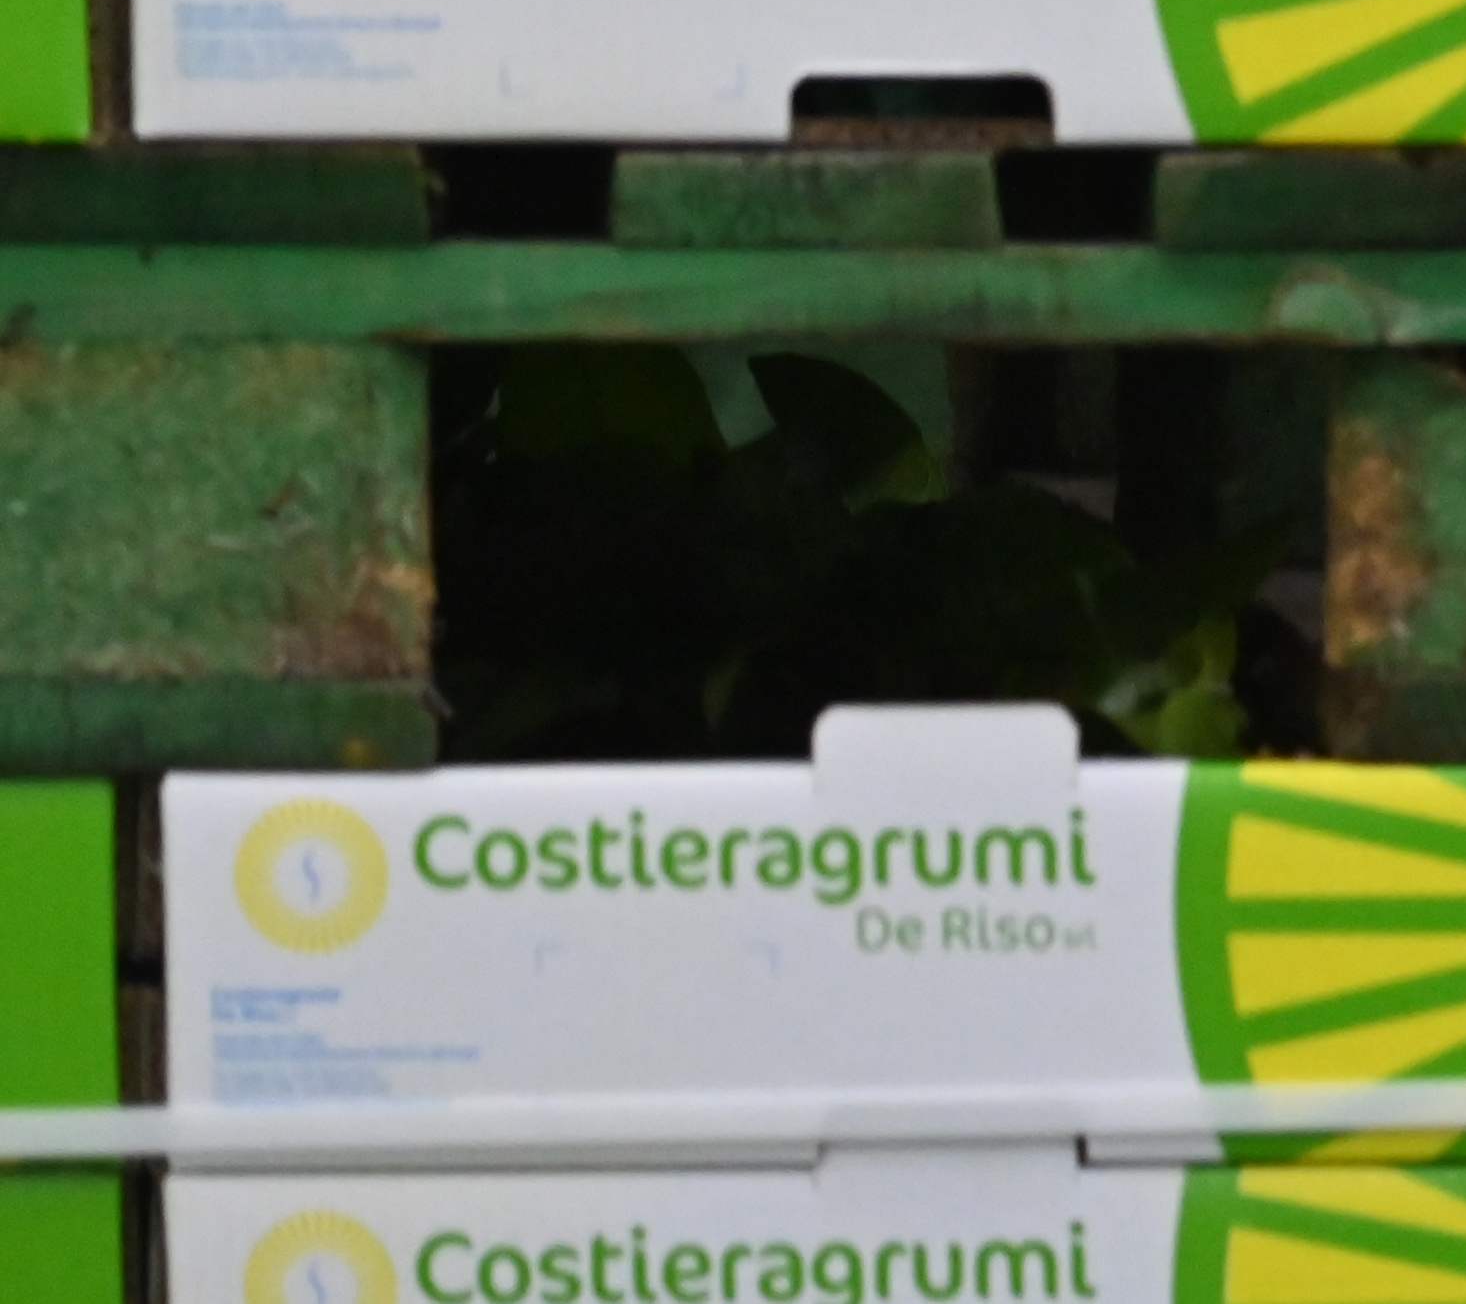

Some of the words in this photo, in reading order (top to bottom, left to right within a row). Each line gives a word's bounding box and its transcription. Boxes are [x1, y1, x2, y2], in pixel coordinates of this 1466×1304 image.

[414, 810, 1098, 906] Costieragrumi
[855, 905, 926, 954] De
[942, 901, 1058, 953] Riso
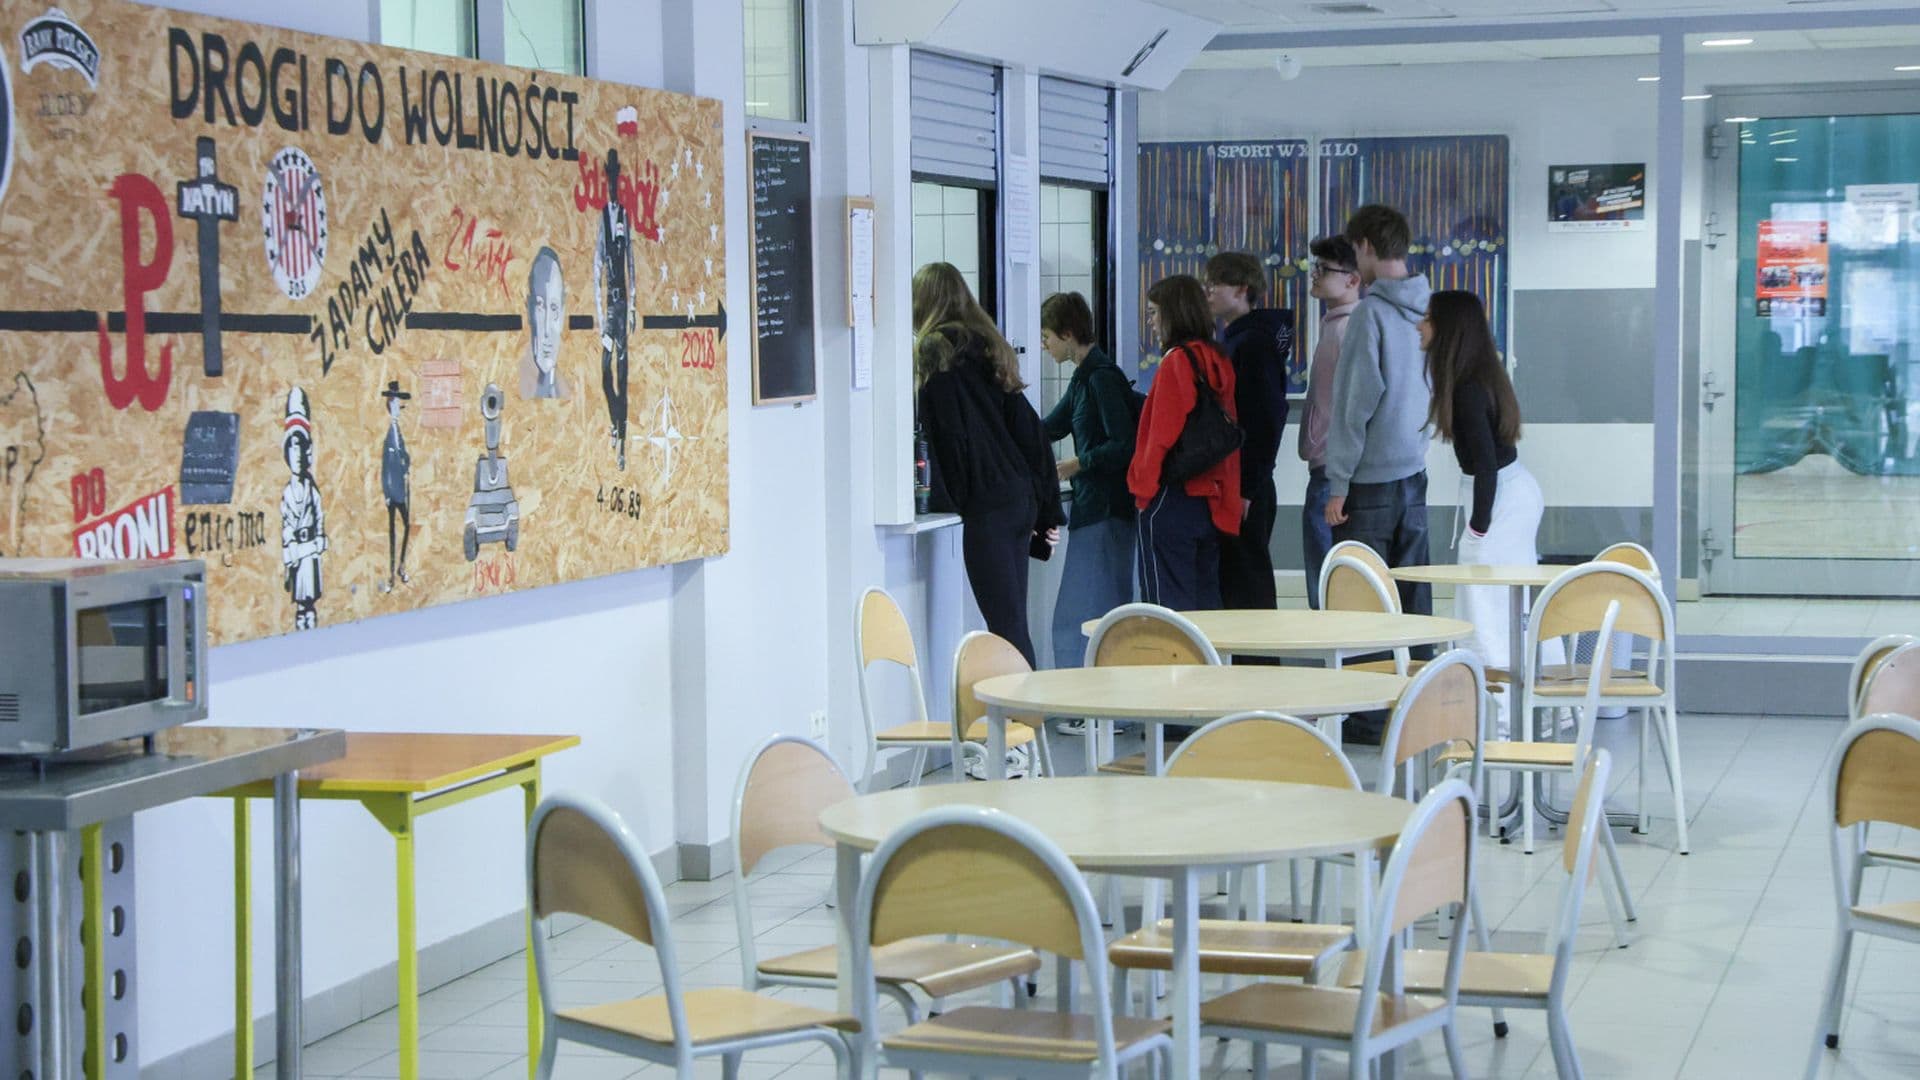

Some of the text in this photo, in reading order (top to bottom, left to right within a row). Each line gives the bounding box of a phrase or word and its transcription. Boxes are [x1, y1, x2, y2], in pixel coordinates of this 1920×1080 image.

[168, 28, 579, 161] DROGI DO WOLNOŚCI
[1217, 145, 1274, 159] SPORT
[1277, 144, 1295, 157] W
[1335, 143, 1358, 157] LO
[366, 229, 432, 355] CHLEBA
[681, 328, 716, 370] 2018
[71, 466, 107, 524] DO
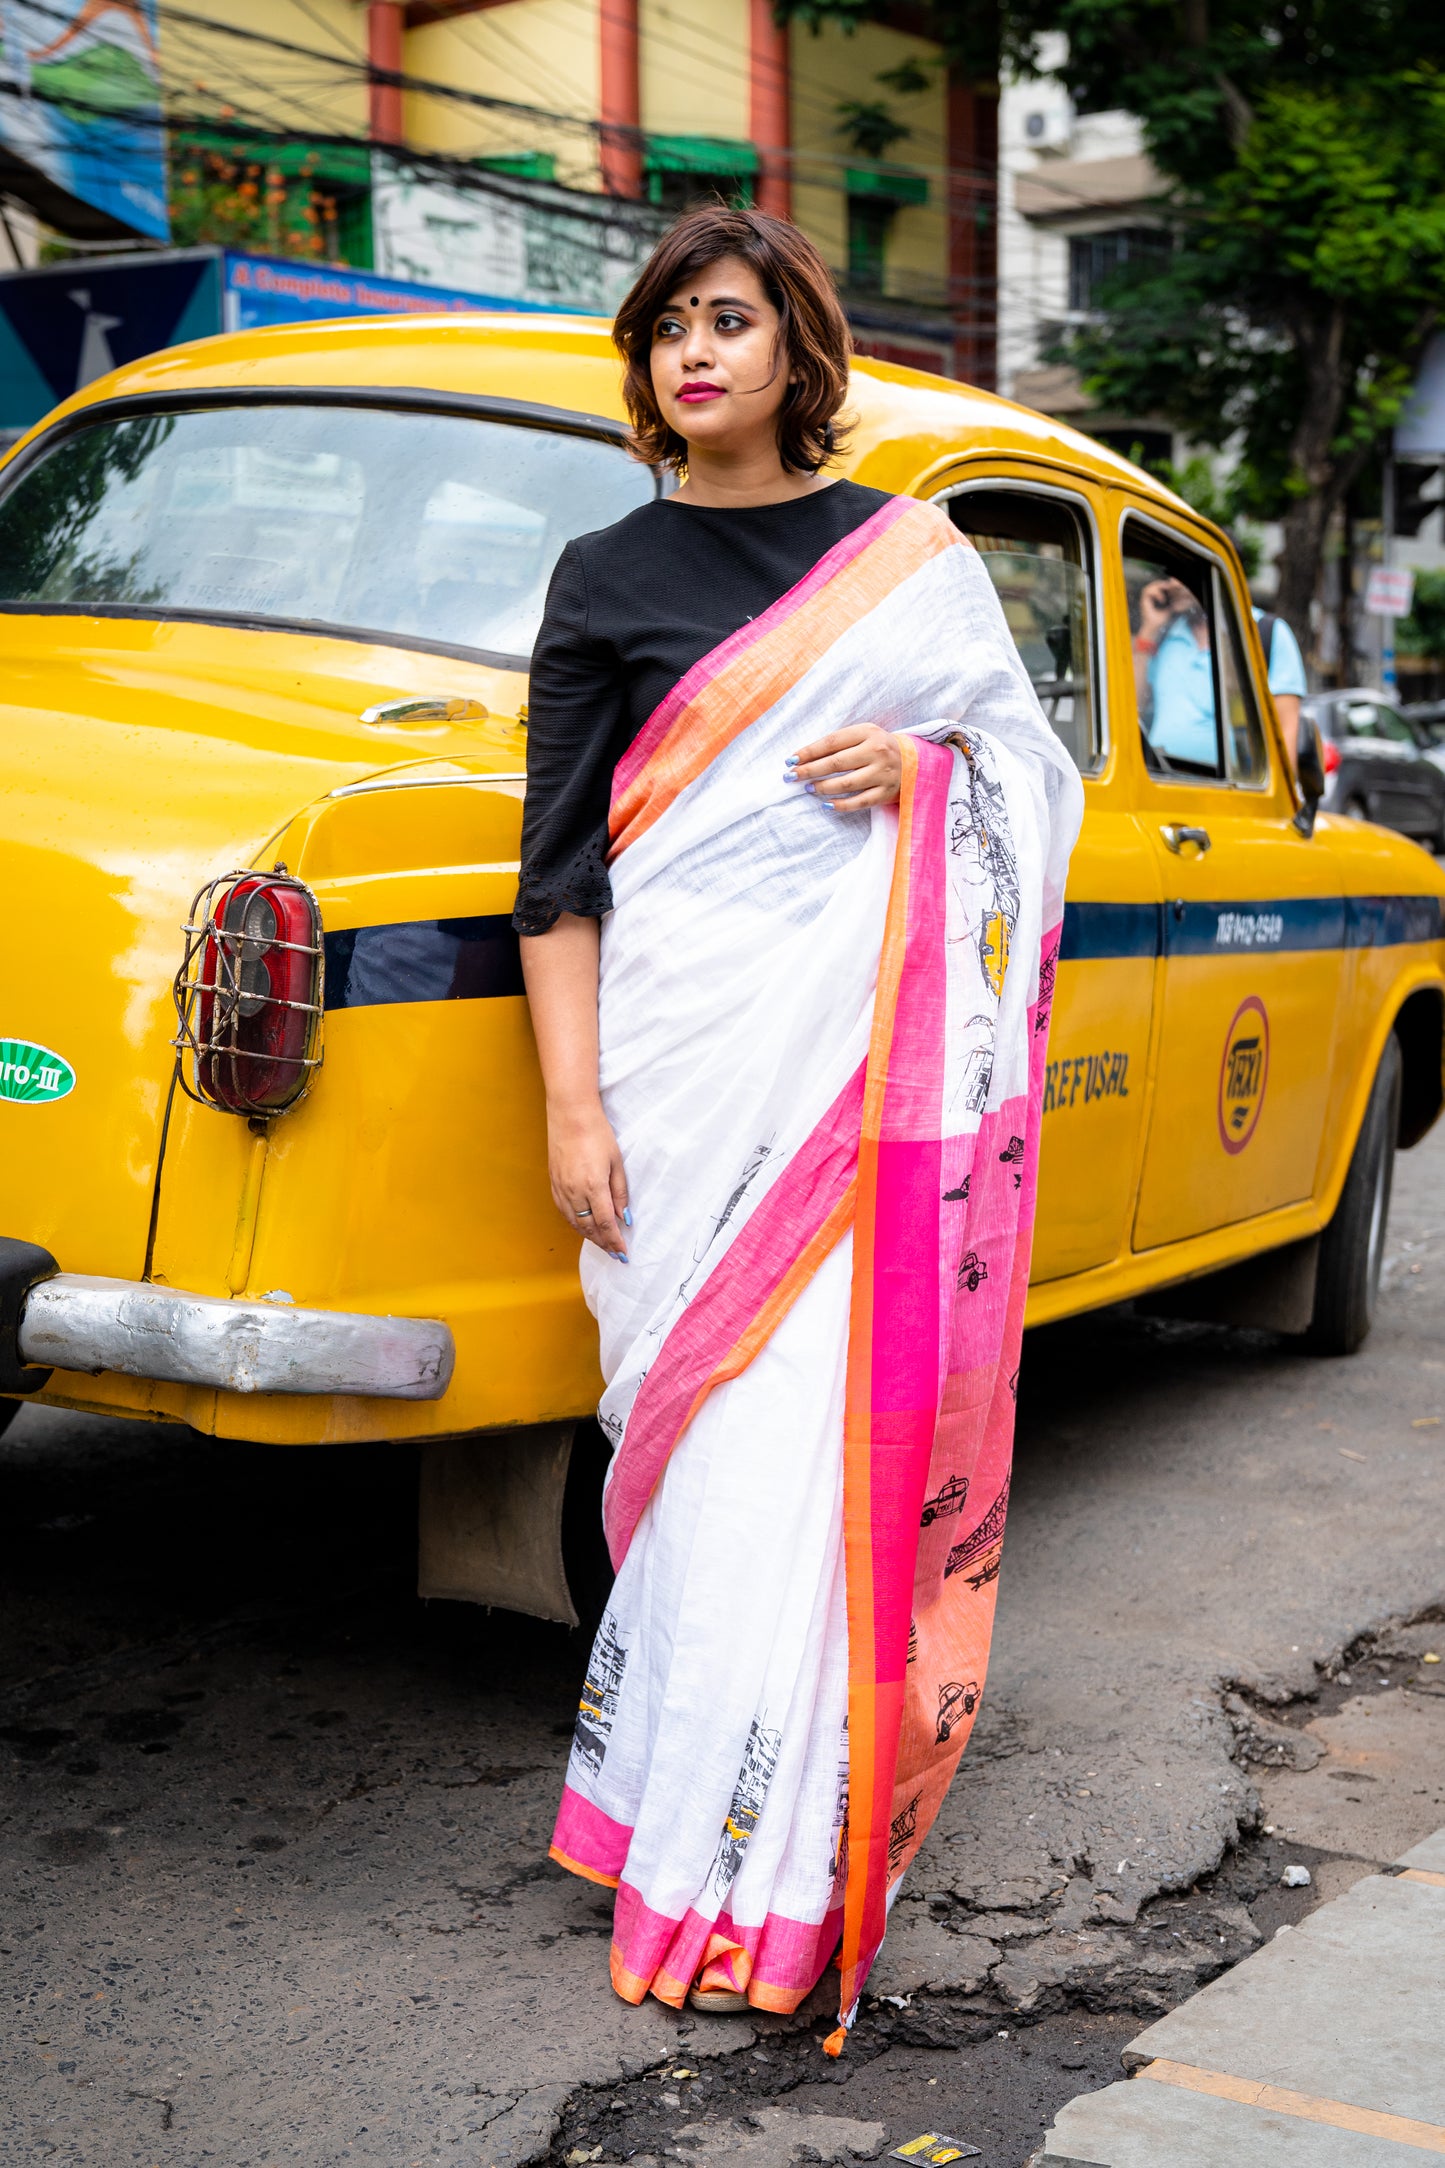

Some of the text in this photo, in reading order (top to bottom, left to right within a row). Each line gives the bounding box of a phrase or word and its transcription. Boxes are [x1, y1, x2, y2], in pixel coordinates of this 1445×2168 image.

::::

▶ _What you have to do_
Give every record again exactly, apart from the pictures, which stay out.

▶ _Result of the task_
Some of the words in this photo, in reading order (top to bottom, left to right within a row). Each line gives a word's bounding box and its transcription. Boxes are [x1, y1, x2, y2], in pixel coordinates of this 1466×1304 image.

[414, 810, 1098, 906] Costieragrumi
[855, 905, 926, 954] De
[942, 901, 1058, 953] Riso

Some of the text in this photo, in reading order (top to bottom, left to right within a row). Each line gives the bounding box of a phrase or word and its transcription. Boxes are [x1, y1, x2, y2], in pixel coordinates of this 1920×1080 image.

[168, 28, 579, 161] DROGI DO WOLNOŚCI
[1217, 145, 1274, 159] SPORT
[1277, 144, 1295, 157] W
[1335, 143, 1358, 157] LO
[366, 229, 432, 355] CHLEBA
[681, 328, 716, 370] 2018
[71, 466, 107, 524] DO

Some of the text in this photo, in reading order (top to bottom, left to right within a row). Each line gives the bounding box of a phrase or word and its transcription. Boxes are [x1, y1, x2, y2], in pixel coordinates of this 1445×2168 image.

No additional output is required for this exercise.